*** Given data Section Begins ***
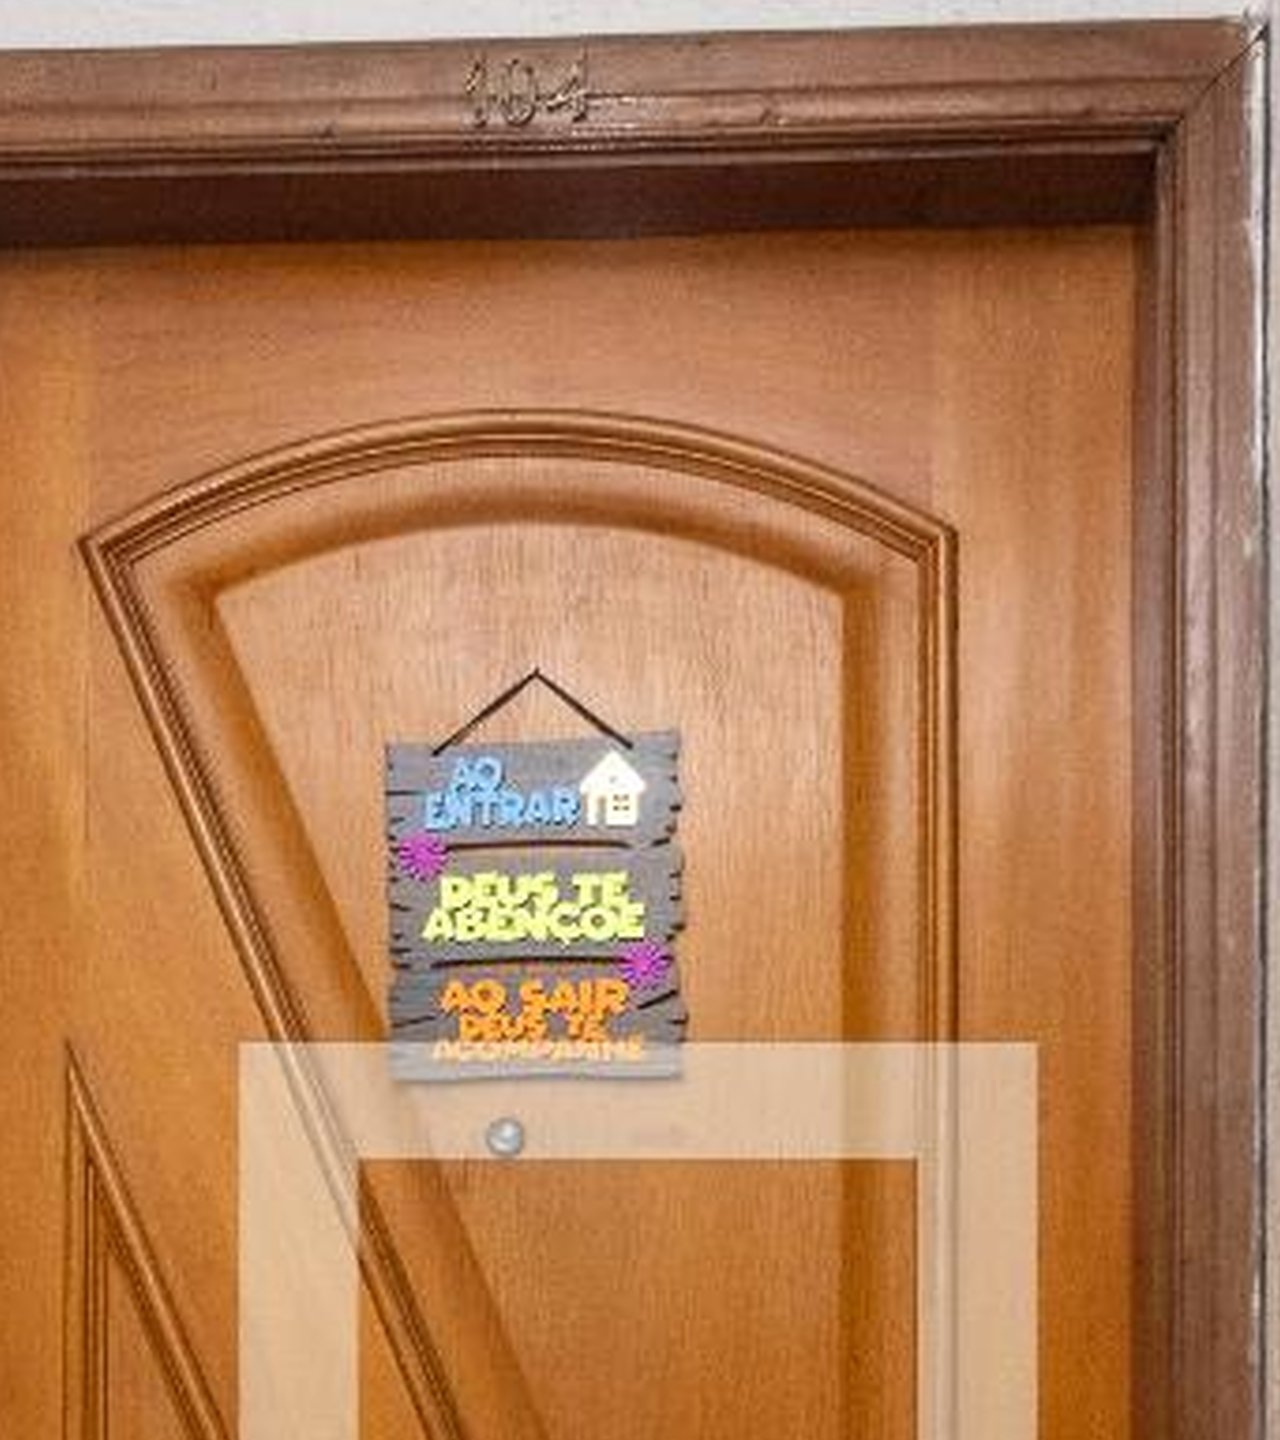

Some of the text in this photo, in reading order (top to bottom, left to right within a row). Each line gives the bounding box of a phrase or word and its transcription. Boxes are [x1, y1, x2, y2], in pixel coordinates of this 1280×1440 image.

[451, 758, 502, 793] AO
[426, 787, 579, 829] ENTRAR
[441, 873, 629, 908] DEUS TE
[422, 903, 645, 948] ABENÇOE
[440, 979, 628, 1013] AO SAIR
[459, 1012, 609, 1042] DEUS TE
*** Given data Section Ends ***
**What is required:** Leaving the pictures out, give back each line above exactly.

**Result:**
Some of the text in this photo, in reading order (top to bottom, left to right within a row). Each line gives the bounding box of a phrase or word and its transcription. Boxes are [x1, y1, x2, y2], in pixel coordinates of this 1280×1440 image.

[451, 758, 502, 793] AO
[426, 787, 579, 829] ENTRAR
[441, 873, 629, 908] DEUS TE
[422, 903, 645, 948] ABENÇOE
[440, 979, 628, 1013] AO SAIR
[459, 1012, 609, 1042] DEUS TE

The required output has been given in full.